SOURCE DATA below:

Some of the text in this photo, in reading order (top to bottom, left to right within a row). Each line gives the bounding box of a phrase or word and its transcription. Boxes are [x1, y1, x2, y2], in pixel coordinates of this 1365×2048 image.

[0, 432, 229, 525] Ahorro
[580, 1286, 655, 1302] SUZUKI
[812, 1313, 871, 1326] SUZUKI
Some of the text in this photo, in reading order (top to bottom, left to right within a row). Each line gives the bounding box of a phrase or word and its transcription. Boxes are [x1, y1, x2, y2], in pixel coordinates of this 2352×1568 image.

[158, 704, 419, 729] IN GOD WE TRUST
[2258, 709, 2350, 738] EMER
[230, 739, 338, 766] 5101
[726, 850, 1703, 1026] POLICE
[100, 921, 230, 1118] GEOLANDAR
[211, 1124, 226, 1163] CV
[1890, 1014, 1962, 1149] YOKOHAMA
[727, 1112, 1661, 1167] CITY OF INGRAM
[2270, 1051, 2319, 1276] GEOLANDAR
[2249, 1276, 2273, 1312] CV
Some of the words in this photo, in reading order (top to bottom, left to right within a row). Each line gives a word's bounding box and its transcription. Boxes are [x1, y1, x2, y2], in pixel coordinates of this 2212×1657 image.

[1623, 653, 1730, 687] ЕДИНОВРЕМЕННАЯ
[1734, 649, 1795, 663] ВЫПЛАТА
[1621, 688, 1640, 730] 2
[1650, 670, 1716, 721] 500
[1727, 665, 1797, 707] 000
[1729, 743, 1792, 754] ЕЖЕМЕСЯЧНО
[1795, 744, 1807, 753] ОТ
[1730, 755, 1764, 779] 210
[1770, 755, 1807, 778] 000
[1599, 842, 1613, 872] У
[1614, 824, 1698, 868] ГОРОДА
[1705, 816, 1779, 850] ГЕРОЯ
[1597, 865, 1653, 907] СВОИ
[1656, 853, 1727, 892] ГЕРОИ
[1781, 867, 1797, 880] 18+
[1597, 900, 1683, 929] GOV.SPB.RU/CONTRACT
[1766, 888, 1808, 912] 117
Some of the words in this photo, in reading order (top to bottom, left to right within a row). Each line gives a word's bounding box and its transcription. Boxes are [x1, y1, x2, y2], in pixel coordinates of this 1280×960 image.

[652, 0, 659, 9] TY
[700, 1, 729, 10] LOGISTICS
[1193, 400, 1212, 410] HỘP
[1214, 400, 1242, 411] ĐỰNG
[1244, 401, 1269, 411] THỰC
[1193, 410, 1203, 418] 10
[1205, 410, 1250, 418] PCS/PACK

End of SOURCE DATA.

The records above are to be given again in full, exactly.

● SOLUTION FOR THIS EXERCISE:
Some of the text in this photo, in reading order (top to bottom, left to right within a row). Each line gives the bounding box of a phrase or word and its transcription. Boxes are [x1, y1, x2, y2], in pixel coordinates of this 1365×2048 image.

[0, 432, 229, 525] Ahorro
[580, 1286, 655, 1302] SUZUKI
[812, 1313, 871, 1326] SUZUKI
Some of the text in this photo, in reading order (top to bottom, left to right within a row). Each line gives the bounding box of a phrase or word and its transcription. Boxes are [x1, y1, x2, y2], in pixel coordinates of this 2352×1568 image.

[158, 704, 419, 729] IN GOD WE TRUST
[2258, 709, 2350, 738] EMER
[230, 739, 338, 766] 5101
[726, 850, 1703, 1026] POLICE
[100, 921, 230, 1118] GEOLANDAR
[211, 1124, 226, 1163] CV
[1890, 1014, 1962, 1149] YOKOHAMA
[727, 1112, 1661, 1167] CITY OF INGRAM
[2270, 1051, 2319, 1276] GEOLANDAR
[2249, 1276, 2273, 1312] CV
Some of the words in this photo, in reading order (top to bottom, left to right within a row). Each line gives a word's bounding box and its transcription. Boxes are [x1, y1, x2, y2], in pixel coordinates of this 2212×1657 image.

[1623, 653, 1730, 687] ЕДИНОВРЕМЕННАЯ
[1734, 649, 1795, 663] ВЫПЛАТА
[1621, 688, 1640, 730] 2
[1650, 670, 1716, 721] 500
[1727, 665, 1797, 707] 000
[1729, 743, 1792, 754] ЕЖЕМЕСЯЧНО
[1795, 744, 1807, 753] ОТ
[1730, 755, 1764, 779] 210
[1770, 755, 1807, 778] 000
[1599, 842, 1613, 872] У
[1614, 824, 1698, 868] ГОРОДА
[1705, 816, 1779, 850] ГЕРОЯ
[1597, 865, 1653, 907] СВОИ
[1656, 853, 1727, 892] ГЕРОИ
[1781, 867, 1797, 880] 18+
[1597, 900, 1683, 929] GOV.SPB.RU/CONTRACT
[1766, 888, 1808, 912] 117
Some of the words in this photo, in reading order (top to bottom, left to right within a row). Each line gives a word's bounding box and its transcription. Boxes are [x1, y1, x2, y2], in pixel coordinates of this 1280×960 image.

[652, 0, 659, 9] TY
[700, 1, 729, 10] LOGISTICS
[1193, 400, 1212, 410] HỘP
[1214, 400, 1242, 411] ĐỰNG
[1244, 401, 1269, 411] THỰC
[1193, 410, 1203, 418] 10
[1205, 410, 1250, 418] PCS/PACK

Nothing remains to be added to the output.